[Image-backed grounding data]
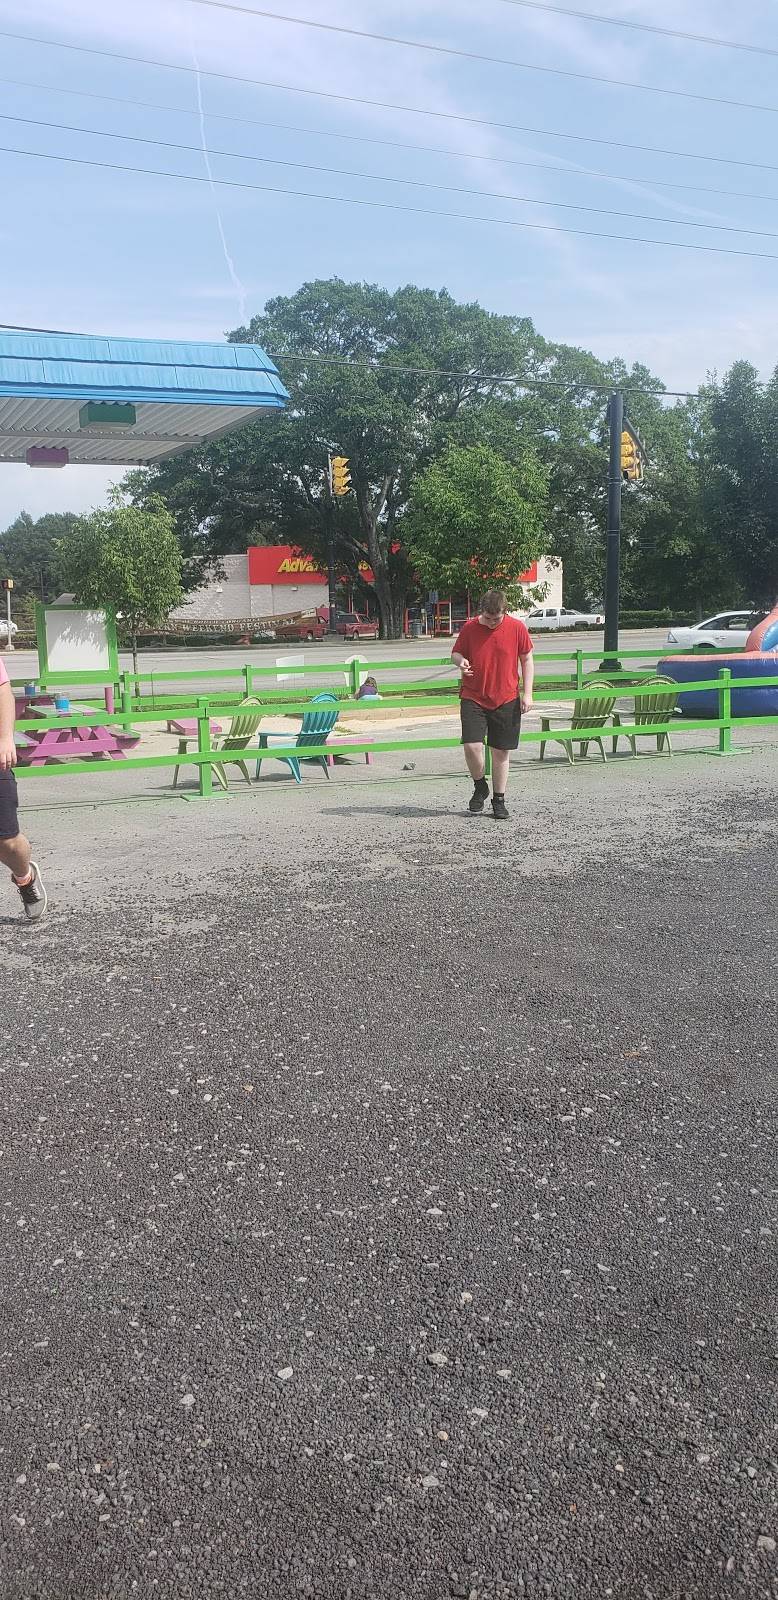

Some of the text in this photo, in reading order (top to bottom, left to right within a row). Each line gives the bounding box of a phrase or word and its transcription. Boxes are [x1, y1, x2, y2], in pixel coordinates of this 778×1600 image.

[277, 558, 331, 573] Adva
[182, 623, 235, 633] WEEKEND
[240, 618, 296, 632] FESTIVAL
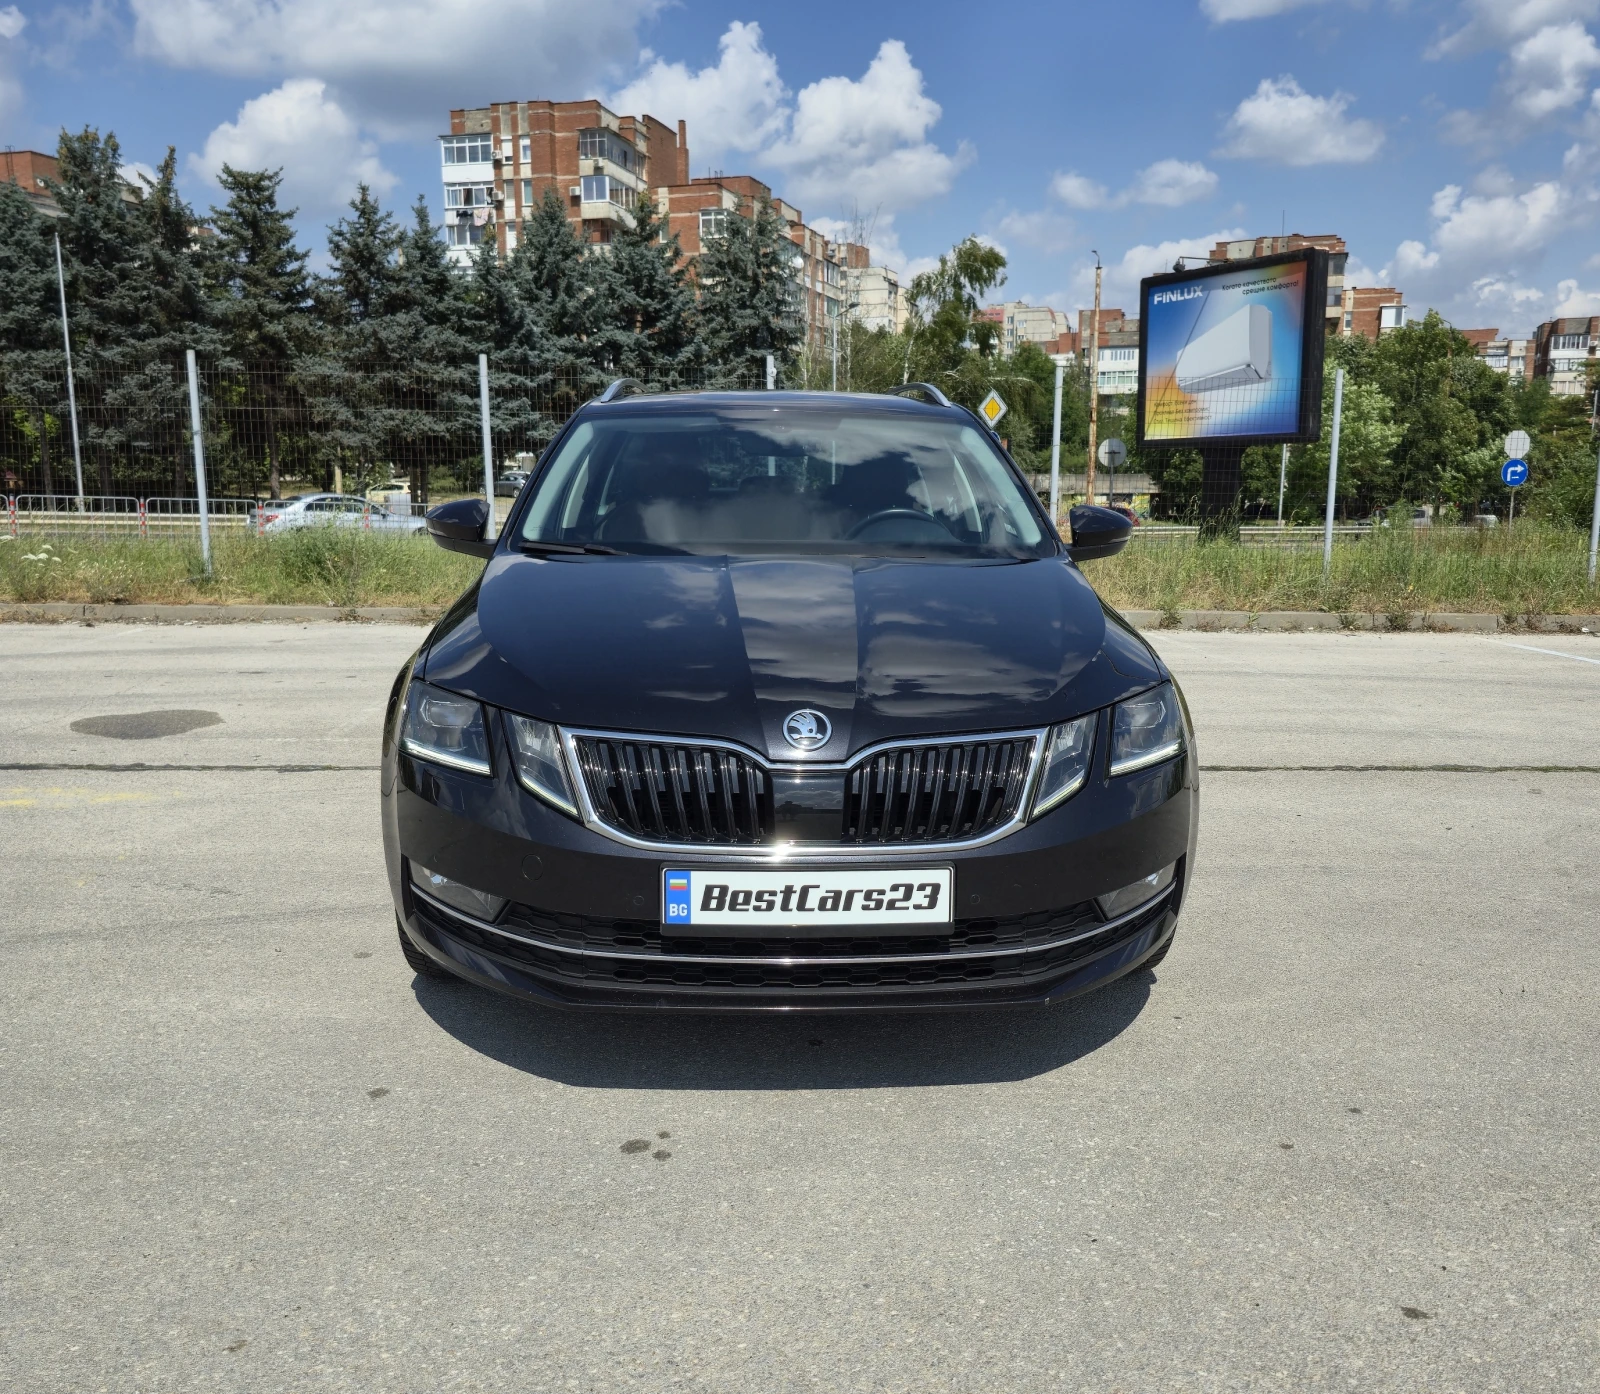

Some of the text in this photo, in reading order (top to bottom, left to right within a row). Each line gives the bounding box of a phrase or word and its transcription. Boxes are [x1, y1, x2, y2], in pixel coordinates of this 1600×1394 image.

[EXERCISE INSTRUCTIONS]:
Set the entries down again exactly. Do not include the images.

[TASK RESPONSE]:
Some of the text in this photo, in reading order (top to bottom, left to right within a row). Each line gives the bounding box of a phrase or word and its transcription. Boxes are [x1, y1, x2, y2], in pixel coordinates of this 778×1600 image.

[277, 558, 331, 573] Adva
[182, 623, 235, 633] WEEKEND
[240, 618, 296, 632] FESTIVAL

Some of the text in this photo, in reading order (top to bottom, left to right within a row). Each line gives the bounding box of a phrase or word and its transcription. Boxes are [x1, y1, x2, y2], in pixel coordinates of this 1600×1394 image.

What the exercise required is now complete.